### Directions for this task
Print each record that follows exactly, leaving the pictures behind.

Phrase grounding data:
Segment Open
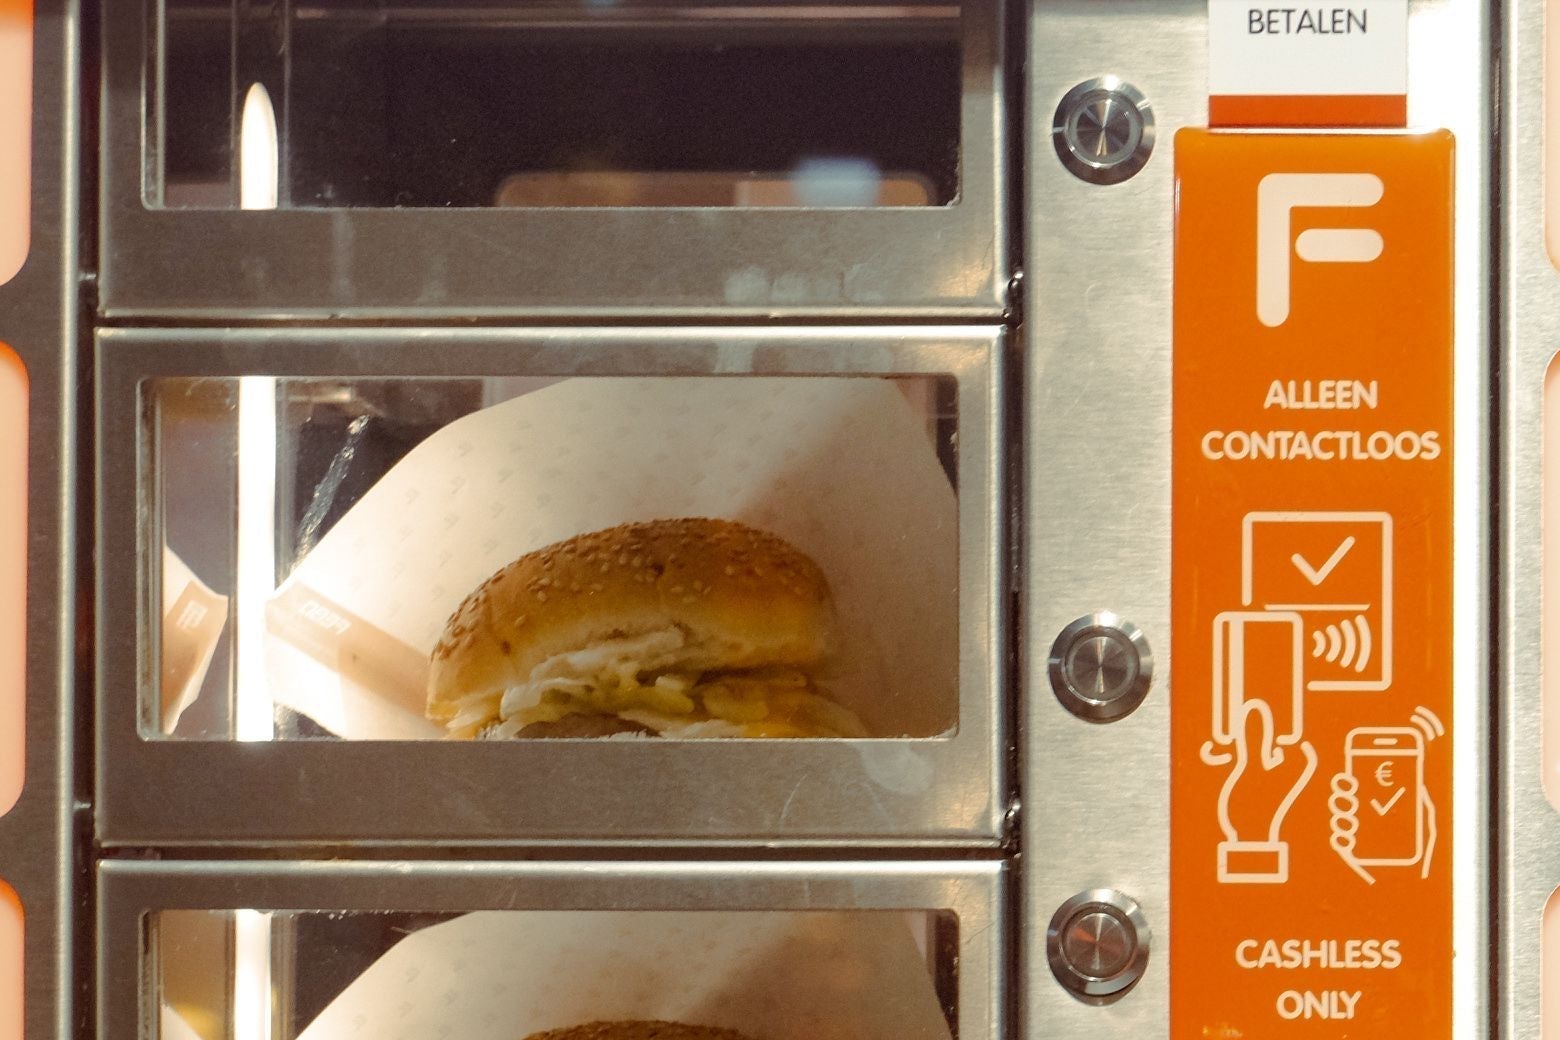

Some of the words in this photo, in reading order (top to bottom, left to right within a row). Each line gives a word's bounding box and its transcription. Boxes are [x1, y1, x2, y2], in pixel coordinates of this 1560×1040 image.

[1248, 8, 1367, 35] BETALEN
[1256, 173, 1384, 328] F
[1263, 379, 1379, 410] ALLEEN
[1201, 430, 1442, 461] CONTACTLOOS
[1235, 938, 1403, 970] CASHLESS
[1276, 990, 1362, 1020] ONLY
Segment Closed
### Answer section
Some of the words in this photo, in reading order (top to bottom, left to right within a row). Each line gives a word's bounding box and its transcription. Boxes are [x1, y1, x2, y2], in pixel coordinates of this 1560×1040 image.

[1248, 8, 1367, 35] BETALEN
[1256, 173, 1384, 328] F
[1263, 379, 1379, 410] ALLEEN
[1201, 430, 1442, 461] CONTACTLOOS
[1235, 938, 1403, 970] CASHLESS
[1276, 990, 1362, 1020] ONLY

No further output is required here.